The lesser-known peripheral serotonin circulates in the blood and makes up the other 95 per cent of the body's serotonin. McMaster researchers have discovered that this kind of serotonin reduces brown fat activity or "dials down" the body's metabolic furnace.

The study, published today in Nature Medicine, is the first to show that blocking the production of peripheral serotonin makes the brown fat more active.

"Our results are quite striking and indicate that inhibiting the production of this hormone may be very effective for reversing obesity and related metabolic diseases including diabetes," said Gregory Steinberg, the paper's co-author and professor of medicine at the Michael G. DeGroote School of Medicine.

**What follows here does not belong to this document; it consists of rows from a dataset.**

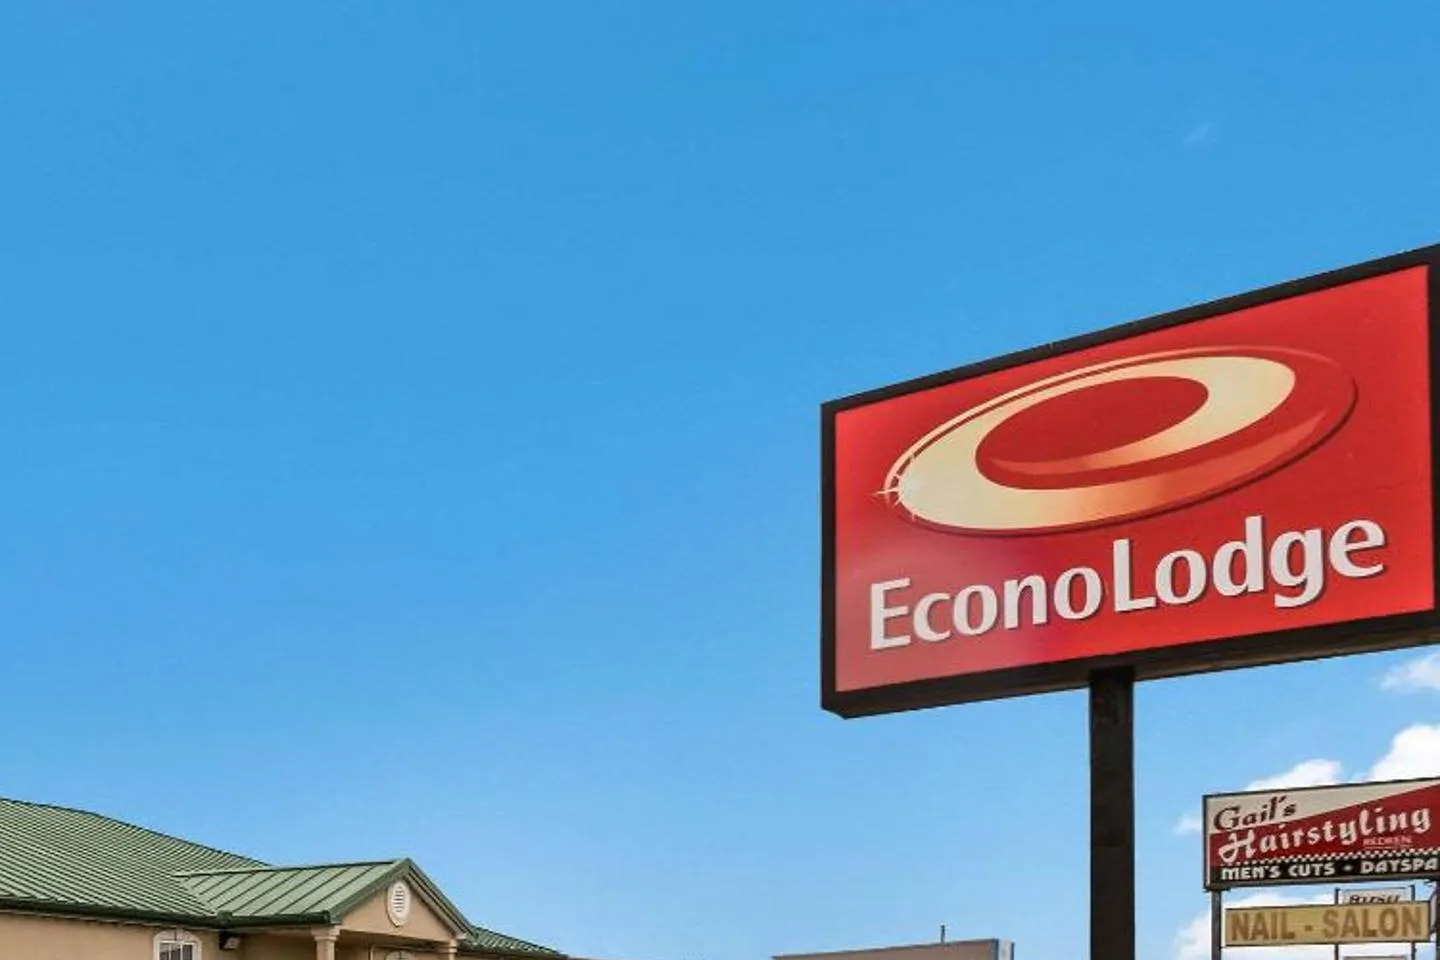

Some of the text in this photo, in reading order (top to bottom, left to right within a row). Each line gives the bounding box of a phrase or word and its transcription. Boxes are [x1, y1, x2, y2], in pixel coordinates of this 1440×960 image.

[869, 515, 1386, 650] EconoLodge
[1213, 796, 1296, 831] Gail's
[1218, 807, 1431, 863] Hairstyling
[1221, 858, 1438, 880] MEN'S CUTS DAYSPA
[1231, 907, 1422, 940] NAIL SALON

He is also co-director of MAC-Obesity, the Metabolism and Childhood Obesity Research Program at McMaster.

"Too much of this serotonin acts like the parking brake on your brown fat," he explained. "You can step on the gas of the brown fat, but it doesn't go anywhere."

The culprit responsible for elevated levels of peripheral serotonin may also have been found.

"There is an environmental cue that could be causing higher serotonin levels in our body and that is the high-fat western diet," said Waliul Khan, co- author, associate professor of pathology and molecular medicine for the medical school and a principal investigator at Farncombe Family Digestive Research Institute. "Too much serotonin is not good. We need a balance. If there is too much, it leads to diabetes, fatty liver and obesity."